Despite the impressive response and survival outcomes experienced by patients treated with ICIs [5], many immune-related adverse events (irAEs), affecting almost all organ systems, have been reported. The etiology of irAEs has been hypothesized to stem from the blockade of immune inhibitory mechanisms and activation of the body’s immune system, which is the same immunologic mechanism involved in the therapeutic action of the ICIs [6, 7]. Only second to dermatological side effects, gastrointestinal irAEs (GI-irAEs) are relatively common with enterocolitis, hepatitis, pancreatitis, and celiac disease being the most frequently reported [8-10]. The expertise in the management of GI-irAEs is restricted due to the lack of prospective clinical data often leading to delayed diagnosis and inadequate treatments [11]. In fact, a study showed that treatment was discontinued in 38% of the included patients due to the development of adverse events during the induction phase [12]. Interestingly, colitis (10%) was the most frequent irAE which led to treatment discontinuation followed by elevated aminotransferases (9%).

As such, despite the high incidence, the impact of developing GI-irAEs on treatment response and survival remains largely unknown.

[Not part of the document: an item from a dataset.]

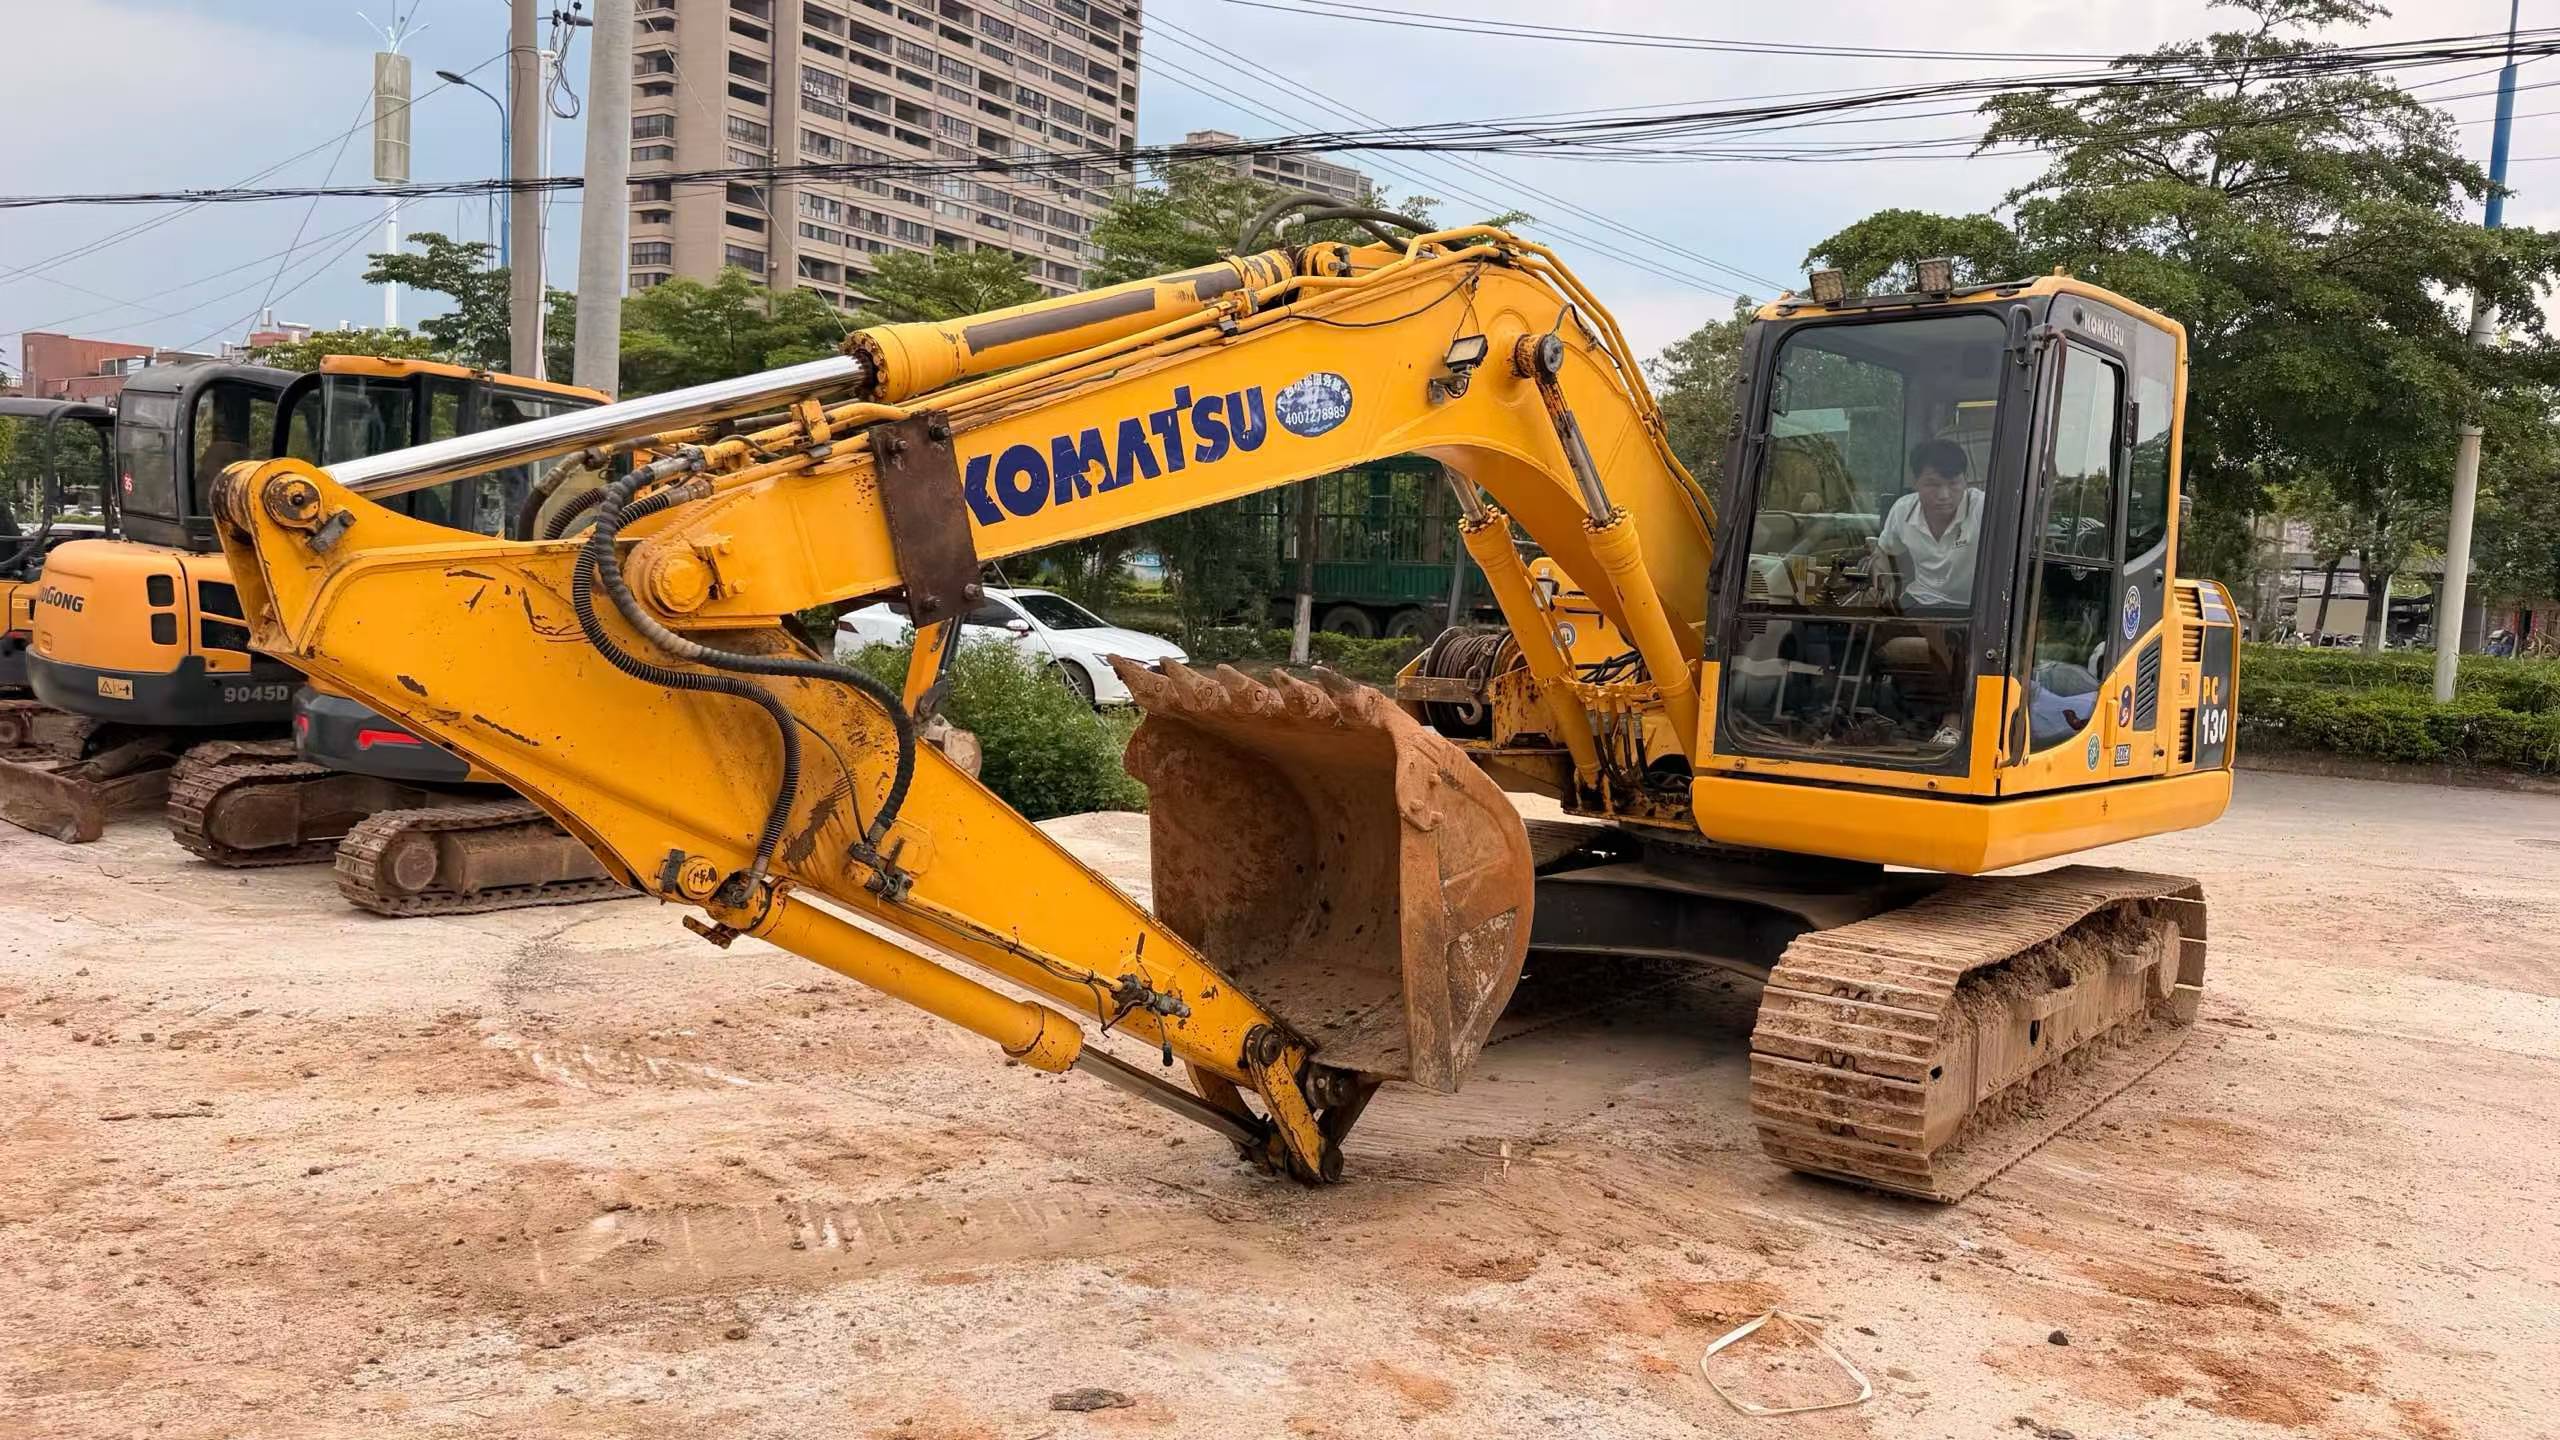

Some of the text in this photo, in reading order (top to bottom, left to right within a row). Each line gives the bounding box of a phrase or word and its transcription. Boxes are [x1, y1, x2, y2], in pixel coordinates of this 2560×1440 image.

[2083, 312, 2124, 346] KOMATSU
[224, 685, 289, 702] 9045D
[2202, 676, 2219, 705] PC
[2202, 708, 2228, 745] 130

Although several studies have identified a trend towards enhanced tumor response in individuals who develop irAEs, none of these studies were specific to GI toxicities [13-17]. Hence, we aimed to evaluate the incidence, severity, and types of GI-irAEs associated with various types of ICIs. In addition, we studied potential risk factors associated with GI-irAEs development. Finally, we explored the effects of developing these toxicities on cancer response to treatment with ICI and overall survival (OS) in patients with various metastatic malignancies.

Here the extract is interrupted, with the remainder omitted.